EXTRACTED DATA: Begin

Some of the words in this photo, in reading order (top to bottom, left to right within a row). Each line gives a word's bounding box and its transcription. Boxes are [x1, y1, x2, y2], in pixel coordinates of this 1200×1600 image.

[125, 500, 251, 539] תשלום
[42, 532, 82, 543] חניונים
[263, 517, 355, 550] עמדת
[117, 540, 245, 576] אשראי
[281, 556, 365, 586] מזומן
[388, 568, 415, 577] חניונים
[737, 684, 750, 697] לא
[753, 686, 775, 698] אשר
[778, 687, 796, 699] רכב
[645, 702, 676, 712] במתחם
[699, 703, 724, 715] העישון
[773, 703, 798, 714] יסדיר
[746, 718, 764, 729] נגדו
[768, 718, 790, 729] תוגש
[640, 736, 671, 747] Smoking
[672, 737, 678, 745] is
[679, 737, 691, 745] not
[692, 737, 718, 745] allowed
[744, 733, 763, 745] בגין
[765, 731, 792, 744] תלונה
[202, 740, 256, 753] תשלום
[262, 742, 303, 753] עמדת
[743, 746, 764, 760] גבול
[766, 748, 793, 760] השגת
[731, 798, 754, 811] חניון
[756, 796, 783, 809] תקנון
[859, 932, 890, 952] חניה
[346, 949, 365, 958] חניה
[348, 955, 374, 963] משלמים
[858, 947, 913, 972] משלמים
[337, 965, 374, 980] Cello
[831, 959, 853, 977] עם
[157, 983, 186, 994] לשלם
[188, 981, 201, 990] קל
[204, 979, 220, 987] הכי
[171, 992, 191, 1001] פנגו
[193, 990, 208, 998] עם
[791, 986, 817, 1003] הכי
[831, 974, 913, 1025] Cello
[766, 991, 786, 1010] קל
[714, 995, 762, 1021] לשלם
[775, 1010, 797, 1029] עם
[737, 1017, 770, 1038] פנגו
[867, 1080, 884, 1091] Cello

EXTRACTED DATA: End

▸ **WHAT IS BEING ASKED**
Retype every record exactly, omitting nothing.

▸ **EXERCISE ANSWER**
Some of the words in this photo, in reading order (top to bottom, left to right within a row). Each line gives a word's bounding box and its transcription. Boxes are [x1, y1, x2, y2], in pixel coordinates of this 1200×1600 image.

[125, 500, 251, 539] תשלום
[42, 532, 82, 543] חניונים
[263, 517, 355, 550] עמדת
[117, 540, 245, 576] אשראי
[281, 556, 365, 586] מזומן
[388, 568, 415, 577] חניונים
[737, 684, 750, 697] לא
[753, 686, 775, 698] אשר
[778, 687, 796, 699] רכב
[645, 702, 676, 712] במתחם
[699, 703, 724, 715] העישון
[773, 703, 798, 714] יסדיר
[746, 718, 764, 729] נגדו
[768, 718, 790, 729] תוגש
[640, 736, 671, 747] Smoking
[672, 737, 678, 745] is
[679, 737, 691, 745] not
[692, 737, 718, 745] allowed
[744, 733, 763, 745] בגין
[765, 731, 792, 744] תלונה
[202, 740, 256, 753] תשלום
[262, 742, 303, 753] עמדת
[743, 746, 764, 760] גבול
[766, 748, 793, 760] השגת
[731, 798, 754, 811] חניון
[756, 796, 783, 809] תקנון
[859, 932, 890, 952] חניה
[346, 949, 365, 958] חניה
[348, 955, 374, 963] משלמים
[858, 947, 913, 972] משלמים
[337, 965, 374, 980] Cello
[831, 959, 853, 977] עם
[157, 983, 186, 994] לשלם
[188, 981, 201, 990] קל
[204, 979, 220, 987] הכי
[171, 992, 191, 1001] פנגו
[193, 990, 208, 998] עם
[791, 986, 817, 1003] הכי
[831, 974, 913, 1025] Cello
[766, 991, 786, 1010] קל
[714, 995, 762, 1021] לשלם
[775, 1010, 797, 1029] עם
[737, 1017, 770, 1038] פנגו
[867, 1080, 884, 1091] Cello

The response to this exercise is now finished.